Sponsored feature: Live Green Perks
The holidays are a time of joyful overindulgence: eating too much, travelling too much, spending too much, watching too much TV. And depending on how you celebrate, it can also be one rife with waste, excess energy usage and greater carbon emissions.
With all the shopping, cooking marathons, parties, dinners and work events, it’s easy to forget the good eco-conscious habits we practice throughout the year.
But it’s just as important to be mindful about ways to have a more sustainable holiday season. The City of Toronto is making that easier by providing incentives through its Live Green Perks program, where you can get deals at local green businesses and services as well as help the environment.
Here are seven ways to celebrate sustainably this holiday season, from easy-to-implement first steps to more ambitious goals for the eco-warriors.
Sparkly wrapping paper and glittery ribbons look eye-catching, but they’re actually not recyclable. To cut down on waste, wrap your presents in non-metallic paper. Brown craft paper can be prettied up with reusable bows and fabric ribbons, or fresh sprigs of eucalyptus or spruce twigs. Or to take it a step further, make the gift wrap a part of the present and wrap it vintage silk scarves or patterned cotton dish towels.
It’s not a surprise that the Netflix show Tidying Up With Marie Kondo went viral this year. Our residences are already overflowing with so much stuff, most of which will eventually end up in the landfill. This holiday, consider giving an experiential gift like tickets to a theatre, gallery or museum, or a private lesson at a local bakery or dance studio. These presents are just as thoughtful, and they’re great for last-minute shoppers since you can usually print off the tickets and passes yourself at home. Live Green Perks offers members discounts on many experiential gifts – from the ROM, to New World Wine Tours and much more.

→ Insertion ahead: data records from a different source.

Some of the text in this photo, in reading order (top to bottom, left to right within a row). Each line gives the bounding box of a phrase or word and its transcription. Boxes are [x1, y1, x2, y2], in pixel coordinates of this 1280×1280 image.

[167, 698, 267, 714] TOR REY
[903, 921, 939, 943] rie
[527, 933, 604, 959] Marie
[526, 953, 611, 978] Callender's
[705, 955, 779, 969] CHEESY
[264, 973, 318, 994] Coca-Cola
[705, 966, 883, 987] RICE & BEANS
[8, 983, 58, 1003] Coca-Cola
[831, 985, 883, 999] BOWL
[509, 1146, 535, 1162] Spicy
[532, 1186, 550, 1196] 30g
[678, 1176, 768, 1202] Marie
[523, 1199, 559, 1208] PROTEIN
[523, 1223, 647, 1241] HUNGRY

Yes, online shopping is super convenient – who wouldn’t want to avoid a crowded Eaton Centre? – but it’s also terrible for the environment. Amazon alone generated 44.4 million metric tons of carbon dioxide last year, which is nearly the amount of emissions Switzerland produces. In Canada, freight vehicles accounted for about 10.5 per cent of the country’s emissions. If you want to lower your carbon footprint, consider shopping at neighbourhood brick-and-mortar shops. In addition to supporting the local economy, you’ll also avoid all the extra packaging that comes with online shopping. If the gift you’re eyeing is only available online, opt for in-store pick-up rather than delivery.
The average Canadian purchases around 70 new articles of clothing a year and a whopping 12 million tons of textile waste end up in North America’s landfills every year. So if you want to buy a new outfit to rock at a holiday party, remember the second R: “re-use.” Hit up one of Toronto’s many vintage shops and consignment stores to find stylish, gently worn pieces for a good price. Common Sort is just one of a number of consignment and vintage stores that are part of Live Green Perks and boasts locations in the Annex, Riverside and Parkdale and carries a mix of cool retro gems and modern brands ranging from Zara to Marc Jacobs. Plus, the city’s Live Green Perks program offers 10 percent off regularly-priced merchandise at Common Sort.

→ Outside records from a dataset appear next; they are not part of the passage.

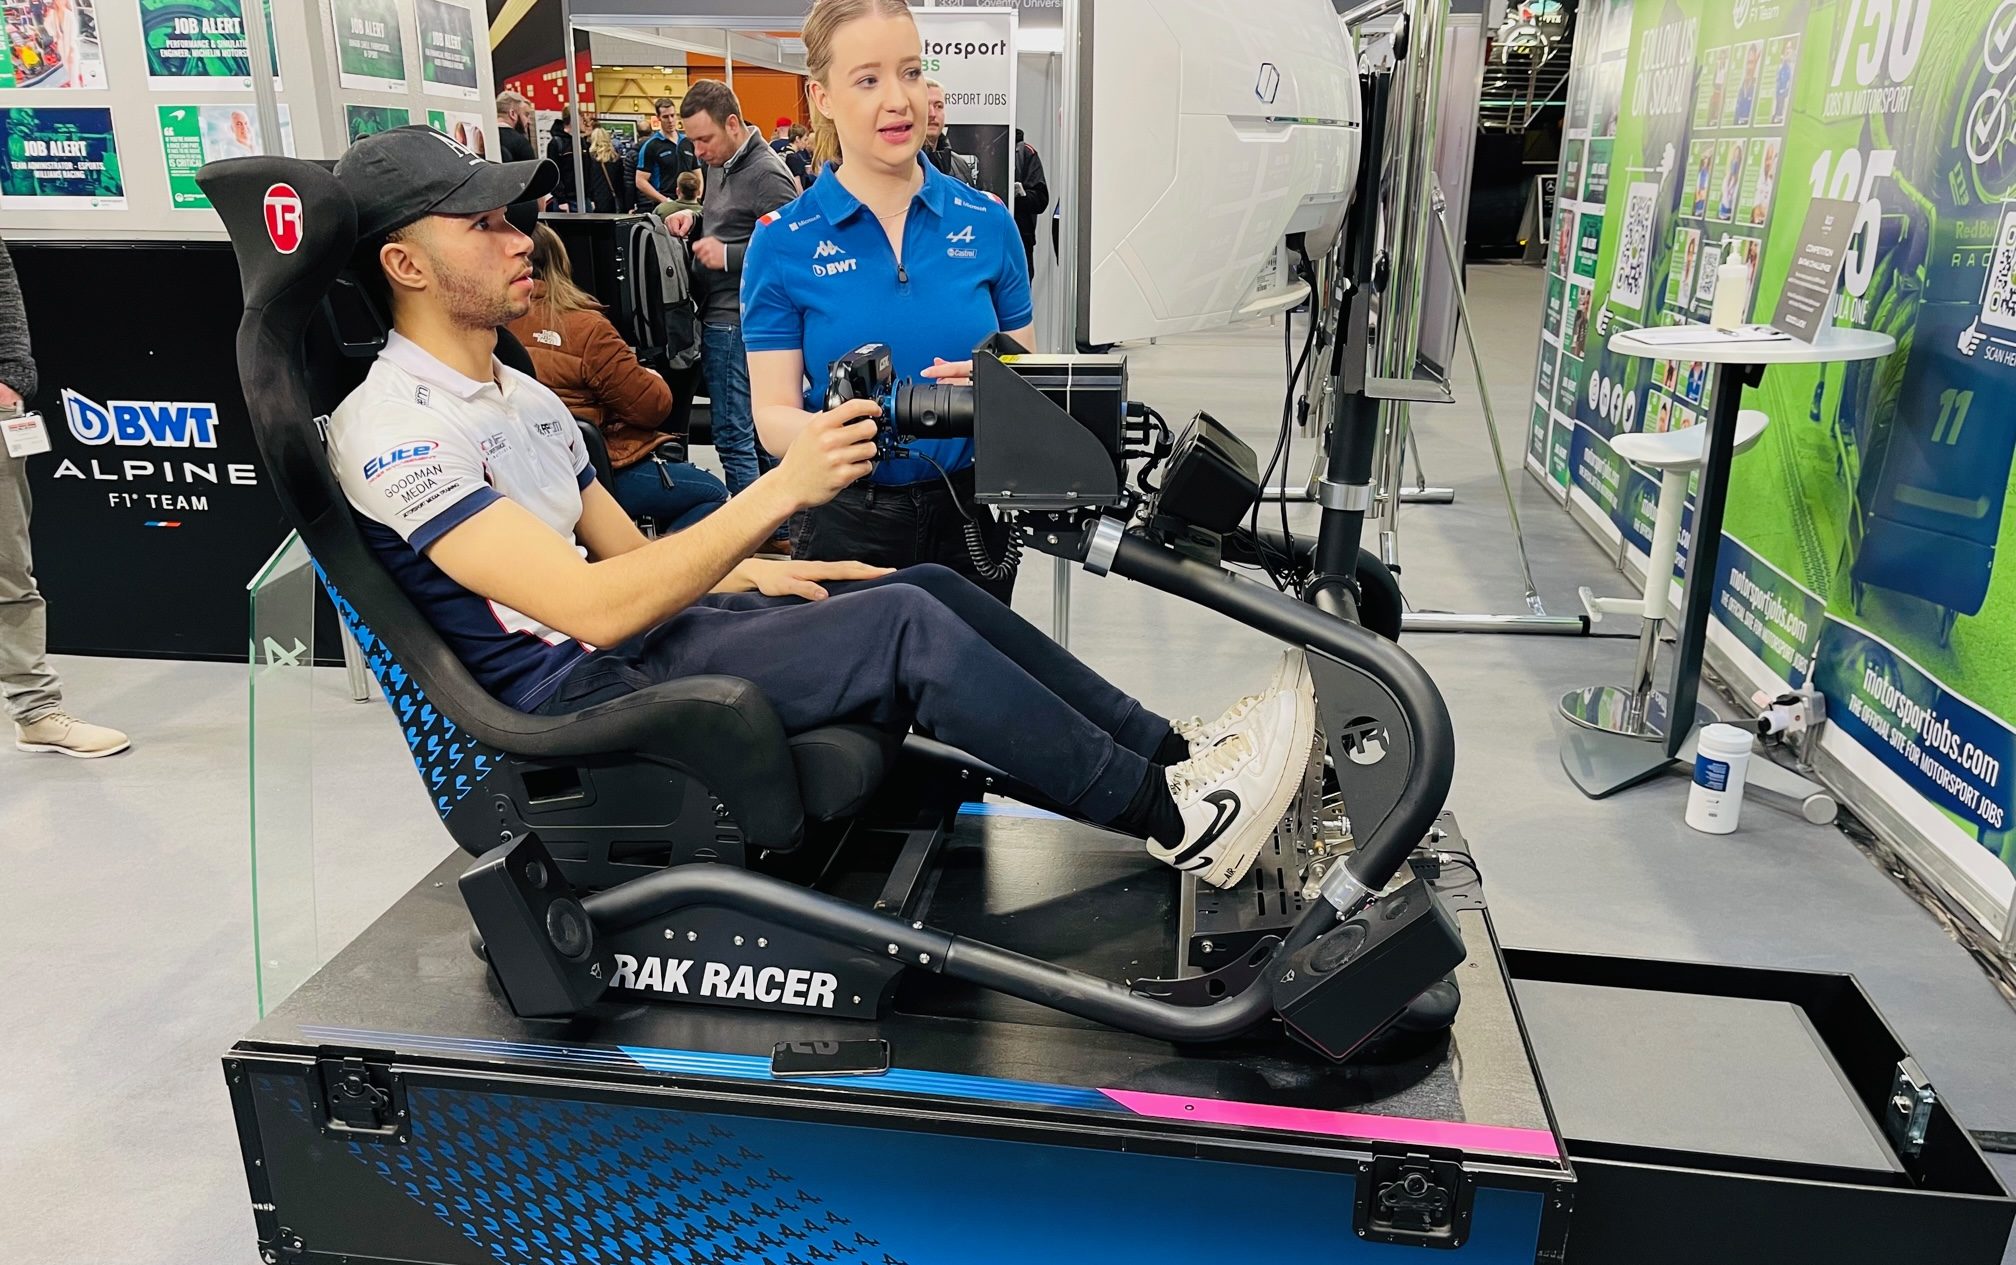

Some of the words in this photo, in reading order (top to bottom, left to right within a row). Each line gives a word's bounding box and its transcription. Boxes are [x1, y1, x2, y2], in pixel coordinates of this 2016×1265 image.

[174, 17, 199, 34] JOB
[202, 17, 241, 34] ALERT
[925, 39, 1006, 60] torsport
[922, 59, 940, 72] BS
[945, 93, 980, 106] RSPORT
[984, 93, 1007, 106] JOBS
[1851, 85, 1913, 116] MOTORSPORT
[24, 140, 48, 156] JOB
[50, 140, 87, 156] ALERT
[963, 201, 987, 212] Microsoft
[954, 249, 975, 257] Castrol
[826, 258, 857, 276] BWT
[1984, 345, 2005, 363] SCAN
[108, 401, 219, 448] BWT
[1931, 388, 1975, 445] 11
[53, 458, 258, 485] ALPINE
[384, 464, 442, 498] GOODMAN
[401, 478, 438, 504] MEDIA
[146, 494, 208, 510] TEAM
[1729, 568, 1808, 644] motorsportjobs.com
[1863, 667, 2000, 788] motorsportjobs.com
[1848, 694, 1863, 718] THE
[1861, 705, 1890, 742] OFFICIAL
[1890, 728, 1908, 754] SITE
[1904, 740, 1922, 767] FOR
[1920, 752, 1981, 810] MOTORSPORT
[1977, 796, 2004, 829] JOBS
[1224, 867, 1236, 880] AIR
[609, 954, 694, 995] RAK
[700, 961, 838, 1009] RACER

In recent years, Canadians have become more concerned about the environmental impact of meat production and either switching to plant-based diets or decreasing their meat consumption. Here in Ontario, incorporating seasonal vegetables into your holiday dinner menus is surprisingly easy, since squash, potatoes, carrots and parsnips are all in season. If you want to take it a step further, including more vegetarian options for your holiday meal. But if ditching the turkey at the holiday table is a hard sell for your family, source it from a butcher that sells steroid- and hormone-free meats, like the Friendly Butcher. You can get 10 per cent off organic, locally-raised chicken through Live Green Perks.
Disposable cutlery, plates and cups are convenient, but they also have a big impact on our environment. In a single year, Canadians generate around 4.6 million metric tons of plastic waste. If you love to host parties, pick up inexpensive bamboo dishes and cutlery, and borrow extra wine glasses from groups like The Sharing Depot, which is a membership program where you can household items. Bonus: you can get 10 per cent off the annual membership fee through Green Live Perks.
There’s a reason why this past summer, environmental teen activist Greta Thunberg opted for a two-week boat voyage from Sweden to North America. Flying has a massive impact on our environment. When travelling over the holidays, choose the most environmentally-friendly options, like taking public transit, trains and busses. If you need to drive, try to arrange a carpool. You’ll lower your carbon footprint and share road trip snacks.